Each AS uses BGP to advertise prefixes that it can deliver traffic to. For example, if the network prefix 192.0.2.0/24 is inside AS 64496, then that AS will advertise to its provider(s) and/or peer(s) that it can deliver any traffic destined for 192.0.2.0/24.

Although security extensions are available for BGP, and third-party route DB resources exist for validating routes, by default the BGP protocol is designed to trust all route announcements sent by peers. Many ISPs do not rigorously enforce checks on BGP sessions.

IP hijacking can occur deliberately or by accident in one of several ways:

• An AS announces that it originates a prefix that it does not actually originate.
• An AS announces a more specific prefix than what may be announced by the true originating AS.
• An AS announces that it can route traffic to the hijacked AS through a shorter route than is already available, regardless of whether the route exists.

Common to these ways is their disruption of the normal network routing: packets end up being forwarded towards the wrong part of the network and then either enter an endless loop (and are discarded), or are found at the mercy of the offending AS.

Typically ISPs filter BGP traffic, allowing BGP advertisements from their downstream networks to contain only valid IP space. However, a history of hijacking incidents shows this is not always the case.

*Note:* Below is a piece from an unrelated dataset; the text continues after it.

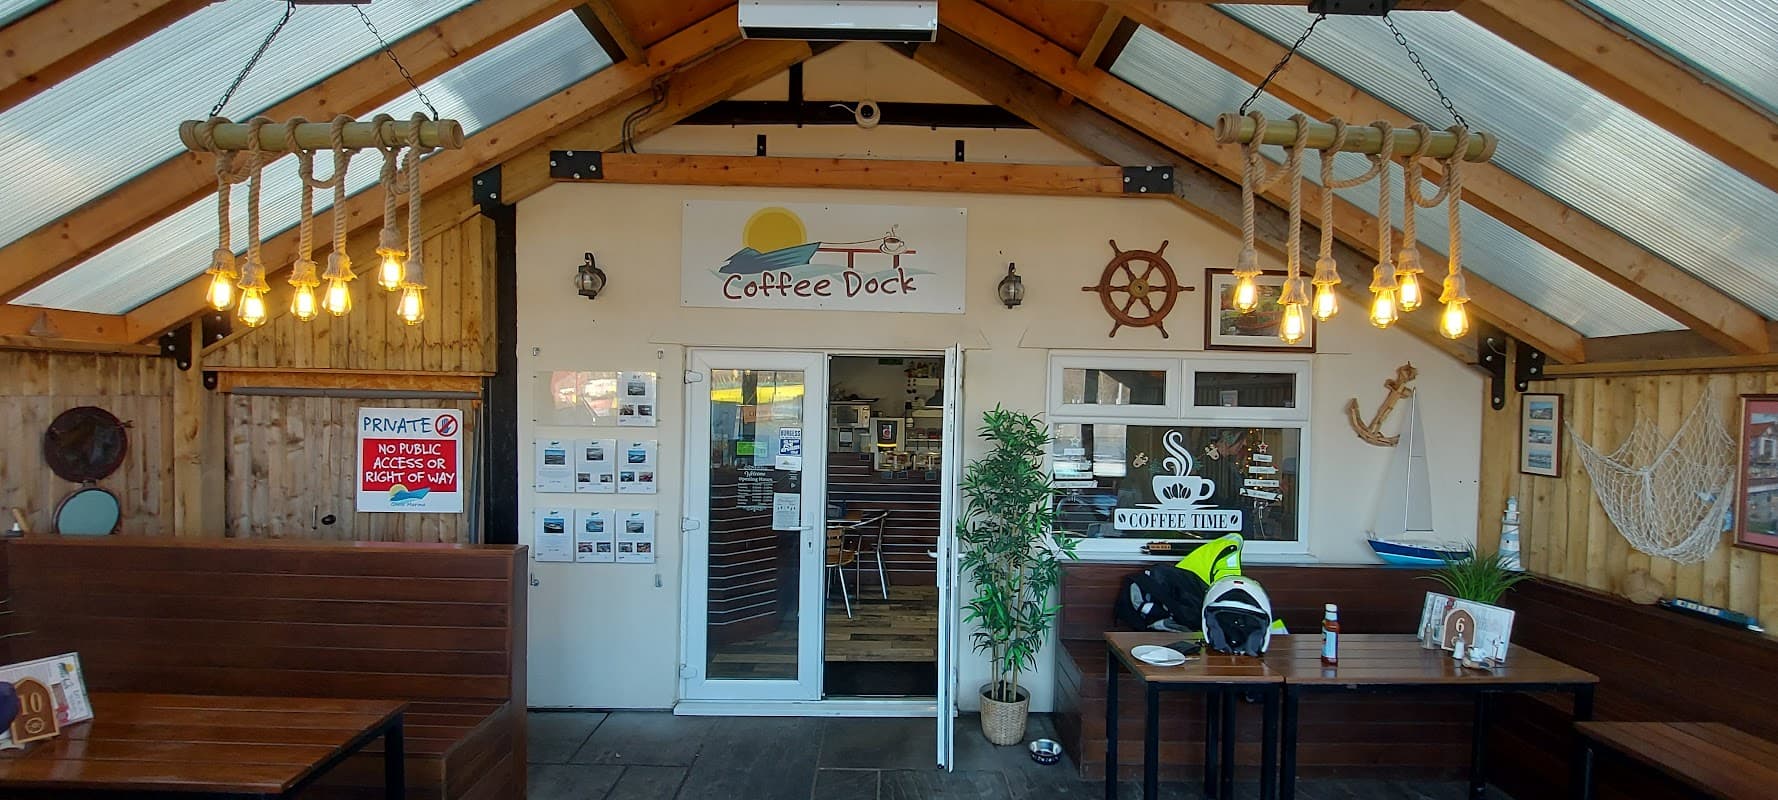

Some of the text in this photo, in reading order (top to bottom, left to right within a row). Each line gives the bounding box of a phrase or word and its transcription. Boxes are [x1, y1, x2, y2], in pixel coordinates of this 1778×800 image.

The Resource Public Key Infrastructure (RPKI) is designed to authenticate route origins via cryptographic certificate chains demonstrating address block range ownership but is not widely deployed yet. Once deployed, IP hijacking through errant issues at the origin (via accident or intent) should be detectable and filterable.

IP hijacking is sometimes used by malicious users to obtain IP addresses for use in spamming or a distributed denial-of-service (DDoS) attack.

When a router disseminates erroneous BGP routing information, whether intentionally or accidentally, it is defined by the Internet Engineering Task Force (IETF) in RFC 7908 as a "route leak." These leaks are characterized as "the dissemination of routing announcements beyond their intended scope. In other words, an announcement from one Autonomous System (AS) regarding a learned BGP route to another AS contravenes the intended policies of the recipient, the sender, and/or one of the ASes along the preceding AS path." Such leaks are made possible due to a long-standing "systemic vulnerability of the Border Gateway Protocol routing system."^[6]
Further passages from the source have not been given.